Task description:
Copy each record below exactly, please, and leave its pictures out.

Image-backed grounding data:

((

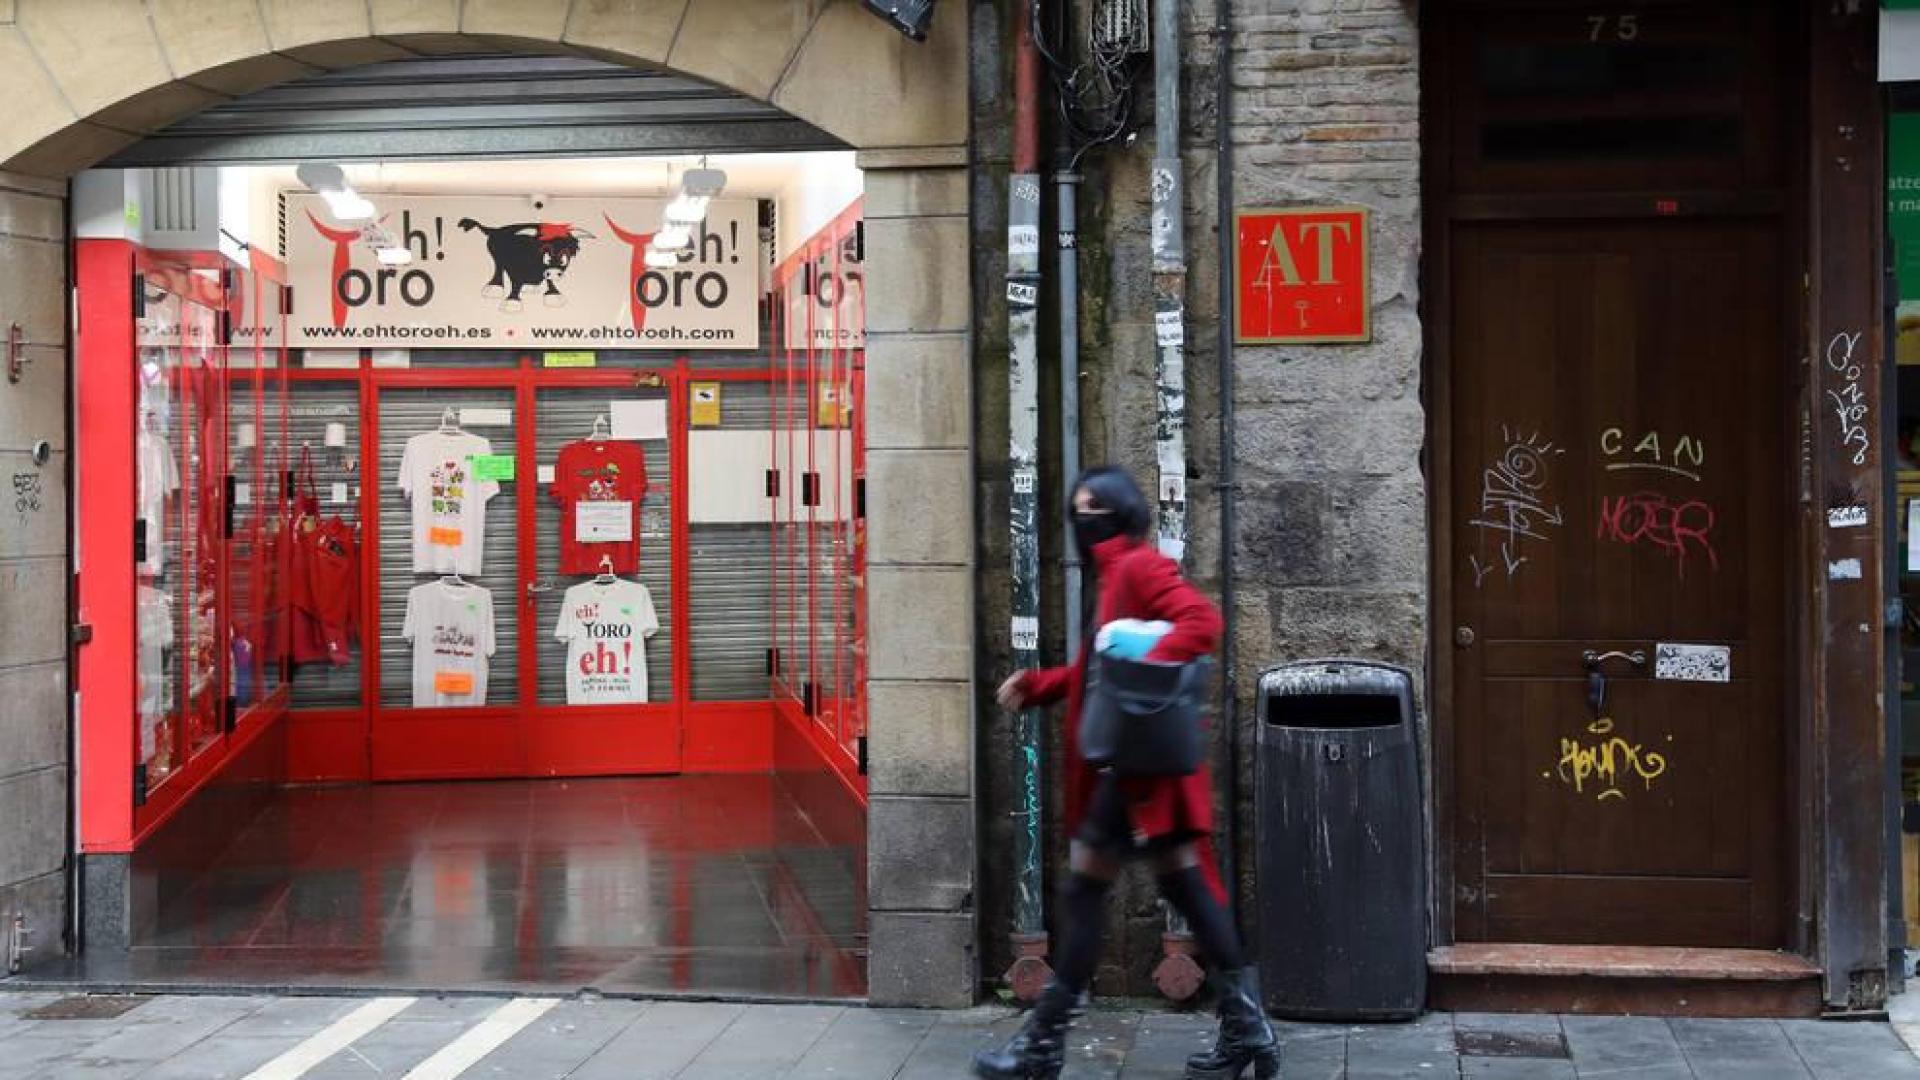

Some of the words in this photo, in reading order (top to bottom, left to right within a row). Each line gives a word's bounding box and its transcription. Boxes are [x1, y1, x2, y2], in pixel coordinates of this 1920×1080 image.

[1586, 15, 1638, 42] 75
[1252, 222, 1351, 286] AT
[303, 325, 491, 338] www.ehtoroeh.es
[532, 326, 734, 339] www.ehtoroeh.com
[1601, 427, 1703, 466] CAN
[582, 621, 632, 638] TORO
[579, 641, 632, 676] eh!

))

Result for this task:
Some of the words in this photo, in reading order (top to bottom, left to right within a row). Each line gives a word's bounding box and its transcription. Boxes are [x1, y1, x2, y2], in pixel coordinates of this 1920×1080 image.

[1586, 15, 1638, 42] 75
[1252, 222, 1351, 286] AT
[303, 325, 491, 338] www.ehtoroeh.es
[532, 326, 734, 339] www.ehtoroeh.com
[1601, 427, 1703, 466] CAN
[582, 621, 632, 638] TORO
[579, 641, 632, 676] eh!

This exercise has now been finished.